The information found on the ameriFace/CleftAdvocate website, Facebook page, via its members, and by Debbie Oliver was paramount in helping us get insurance coverage for our daughter's most recent surgery. Not only were we welcomed with open arms, but we were overwhelmed by the vast amount of knowledge, support, and genuine care and concern offered. Thanks for such an amazing resource for families with children with facial differences. We couldn't have done it without you.
I cannot even remember how I came to know about AmeriFace, but from the moment I did- I loved it. Debbie Oliver is one of the most gracious, kind-hearted, intelligent women I've gotten the opportunity to know. AmeriFace provides so much information and clarity when it comes to the knowledge of Cleft Lip/Palate's and other Craniofacial deformities. The level of professionalism and care goes hand and hand. It truly is like a community, and they will make sure you are informed and comfortable. There is a plethora of information and resources you can find, just by visiting the AmeriFace website. It is an awesome organization, and I just wish more people were informed about it!
My family has always found comfort from the many people at Amerface. We have also been a part of helping others throughout the years and now my son is picking up and helping others.
Ameriface has been with my family since my son was a year old. They have been with us for good and the bad. I have also been able to help others due to this organization. I have become friends with many of the families and we have been able to watch our kids grow and become happy healthy teens.
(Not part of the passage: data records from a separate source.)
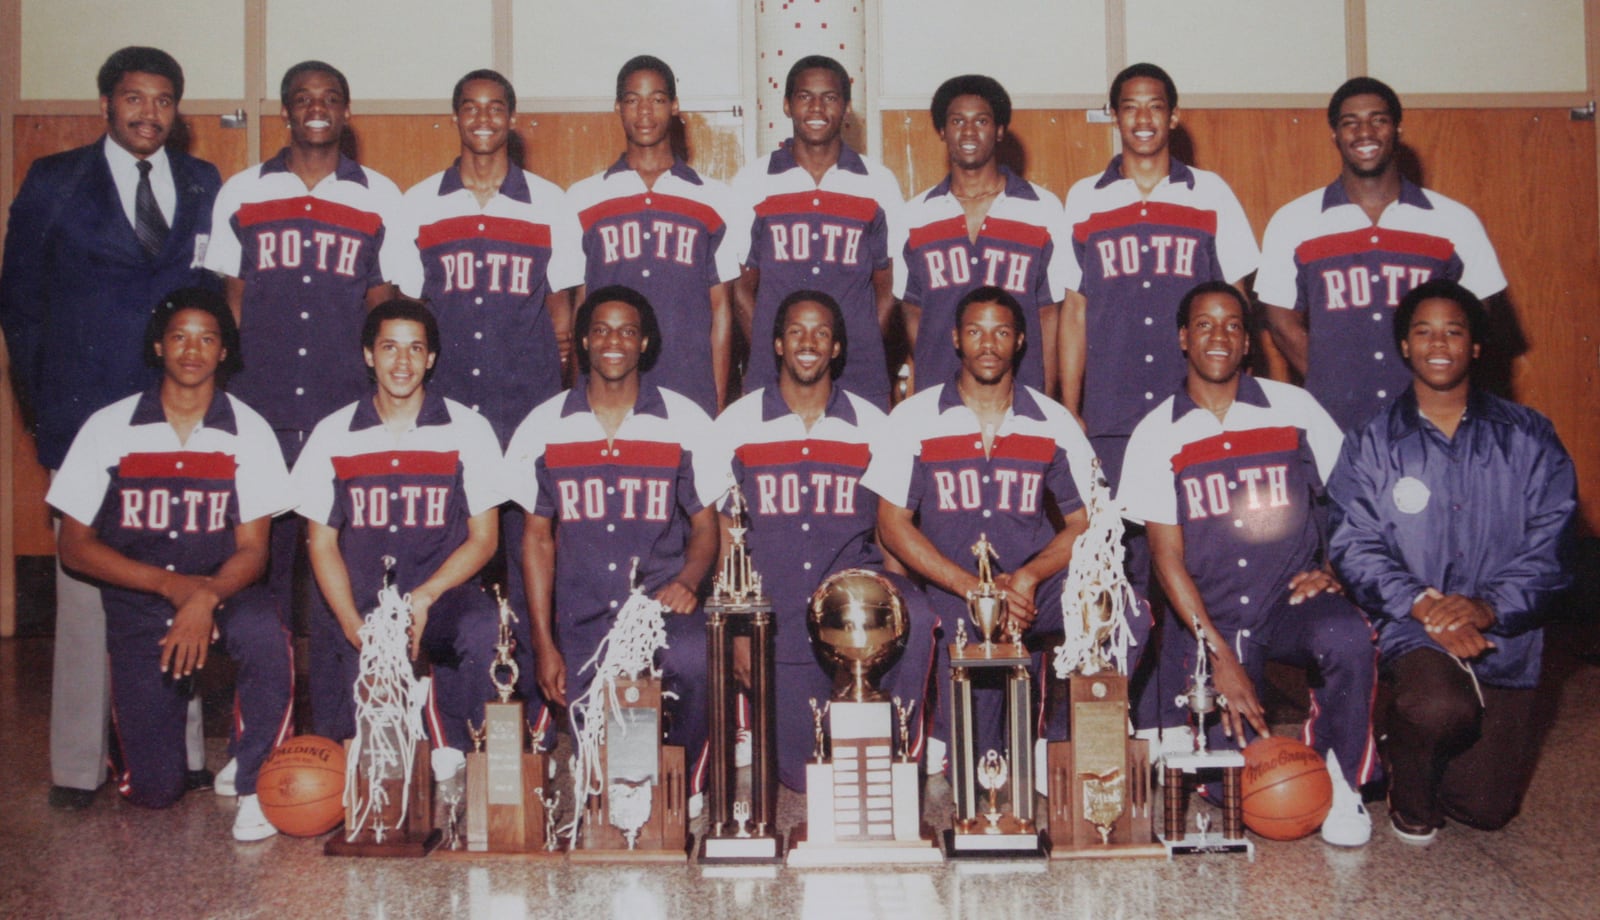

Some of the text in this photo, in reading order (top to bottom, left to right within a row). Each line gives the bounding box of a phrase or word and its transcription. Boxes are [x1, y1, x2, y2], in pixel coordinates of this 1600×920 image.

[257, 229, 361, 277] ROTH
[599, 220, 698, 265] ROTH
[769, 222, 863, 265] ROTH
[1097, 235, 1197, 278] ROTH
[923, 245, 1031, 293] ROTH
[120, 488, 230, 532] ROTH
[349, 485, 449, 527] ROTH
[557, 477, 671, 522] ROTH
[756, 472, 858, 515] ROTH
[934, 469, 1042, 514] ROTH
[1183, 465, 1290, 521] ROTH
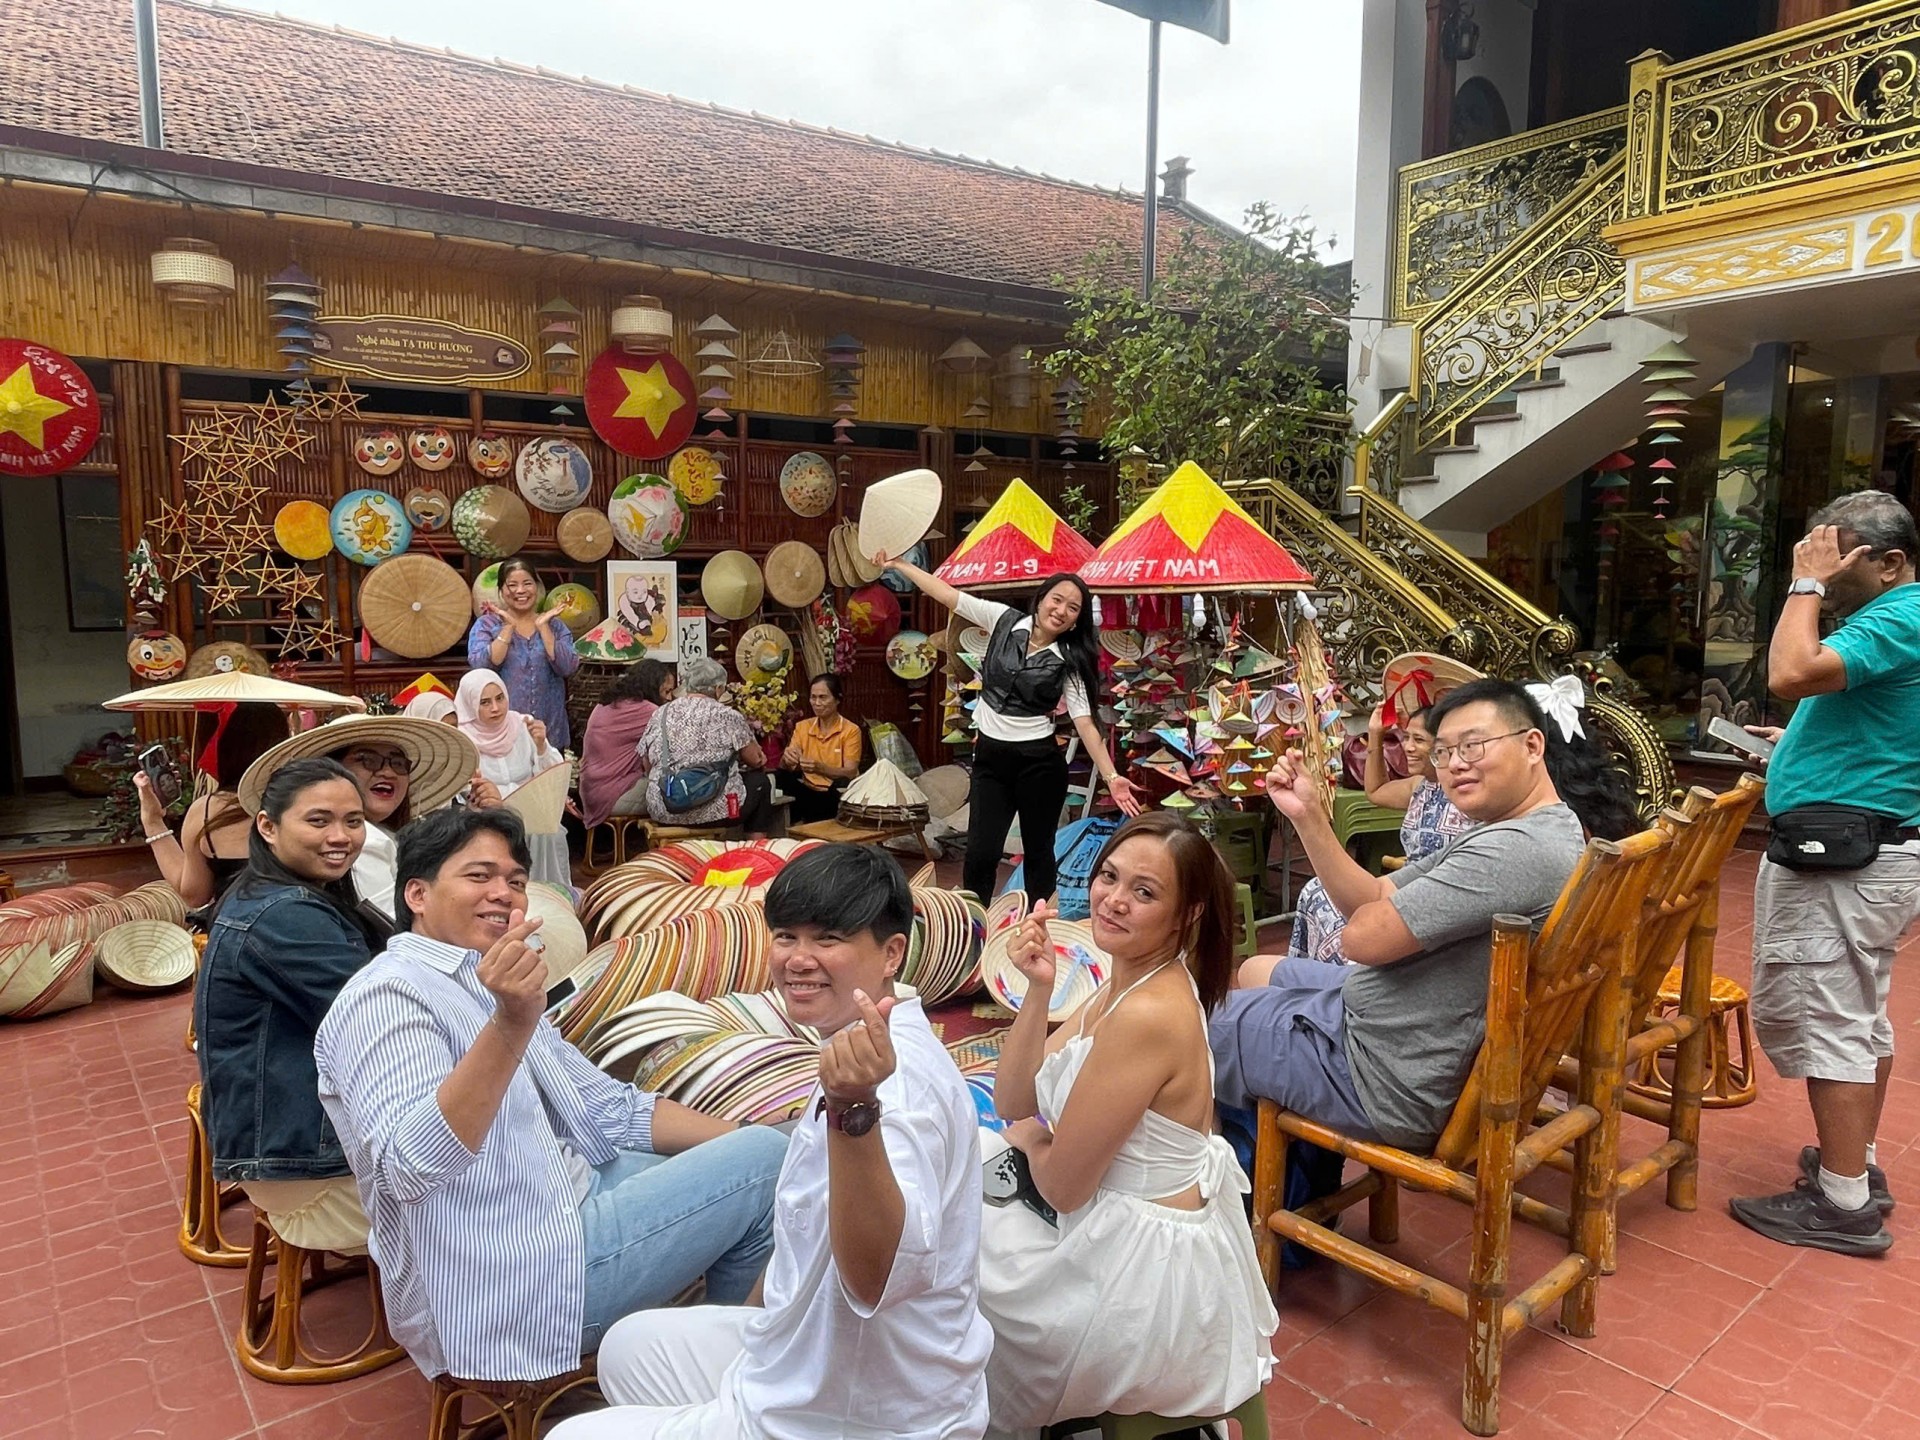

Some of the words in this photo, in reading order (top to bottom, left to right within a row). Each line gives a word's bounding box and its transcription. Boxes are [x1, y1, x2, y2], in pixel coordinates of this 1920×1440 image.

[1864, 211, 1920, 267] 2
[356, 334, 379, 347] Nghệ
[402, 339, 416, 350] TẠ
[416, 340, 437, 351] THU
[439, 342, 473, 354] HƯƠNG
[62, 425, 87, 452] NAM
[946, 562, 987, 579] NAM
[1112, 556, 1158, 582] VIỆT
[1163, 558, 1220, 578] NAM
Looking for an organization or community event that my daughter and her friends can help in with other children their age who have disabilities. IF anyone knows of any please let me know. Thanks. email@example.com
I've been a client, parent advocate and volunteer for 12.5 years, since the beginning when Cleft Advocate first formed. Debbie had just begun forming the organization, and I've been served as a parent of a child with a craniofacial difference and I've been a volunteer.
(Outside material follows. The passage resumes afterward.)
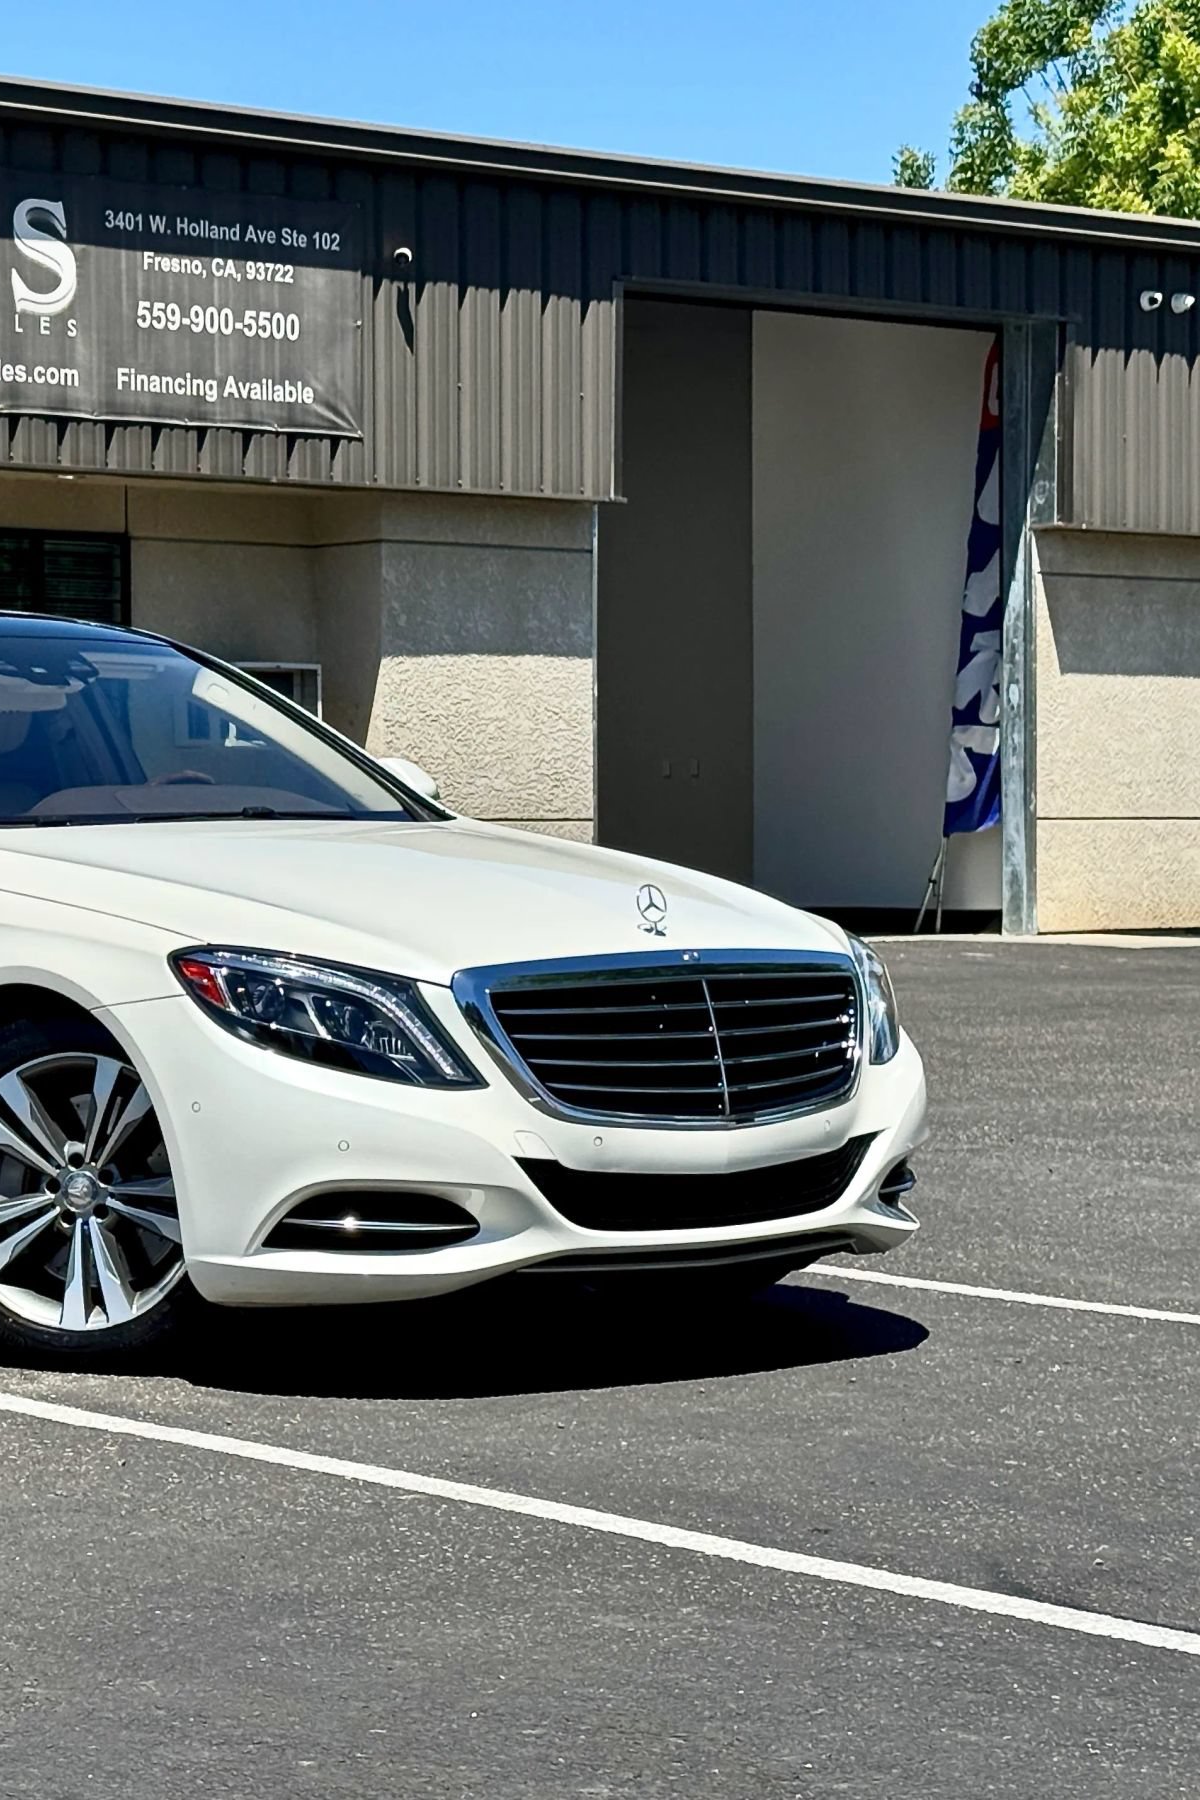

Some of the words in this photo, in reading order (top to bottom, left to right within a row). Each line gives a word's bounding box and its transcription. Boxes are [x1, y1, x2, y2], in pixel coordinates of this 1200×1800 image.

I would do it again in a heartbeat if I had to. This organization has done so much over the years. Hope it keeps on ticking for the next 12 yrs and more more to come.
Have been part of this group since 2002 when our son was born. Wouldn't trade it for the world. AmeriFace and it's programs are an absolute great resource for families and individuals with craniofacial differences. Always glad to participate when I'm able.
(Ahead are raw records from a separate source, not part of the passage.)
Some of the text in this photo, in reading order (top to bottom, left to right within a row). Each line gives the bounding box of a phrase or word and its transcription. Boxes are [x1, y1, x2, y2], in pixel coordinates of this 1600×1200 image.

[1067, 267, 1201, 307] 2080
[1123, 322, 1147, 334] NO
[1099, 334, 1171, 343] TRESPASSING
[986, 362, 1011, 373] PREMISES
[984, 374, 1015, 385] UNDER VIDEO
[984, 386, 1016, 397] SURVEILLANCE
I ended up volunteering with AmeriFace because I fell in love with the people. I can't imagine going though my son's childhood without their support. cleftAdvocate was brand spanking new when I first stumbled on them, and they were a lifeline, a source of comfort, and a place of sanity. I honestly don't know what I would have done without them and am so glad I found them when my son was only a few months old. 12 years later, I love them just as much and I can't imagine my life without them.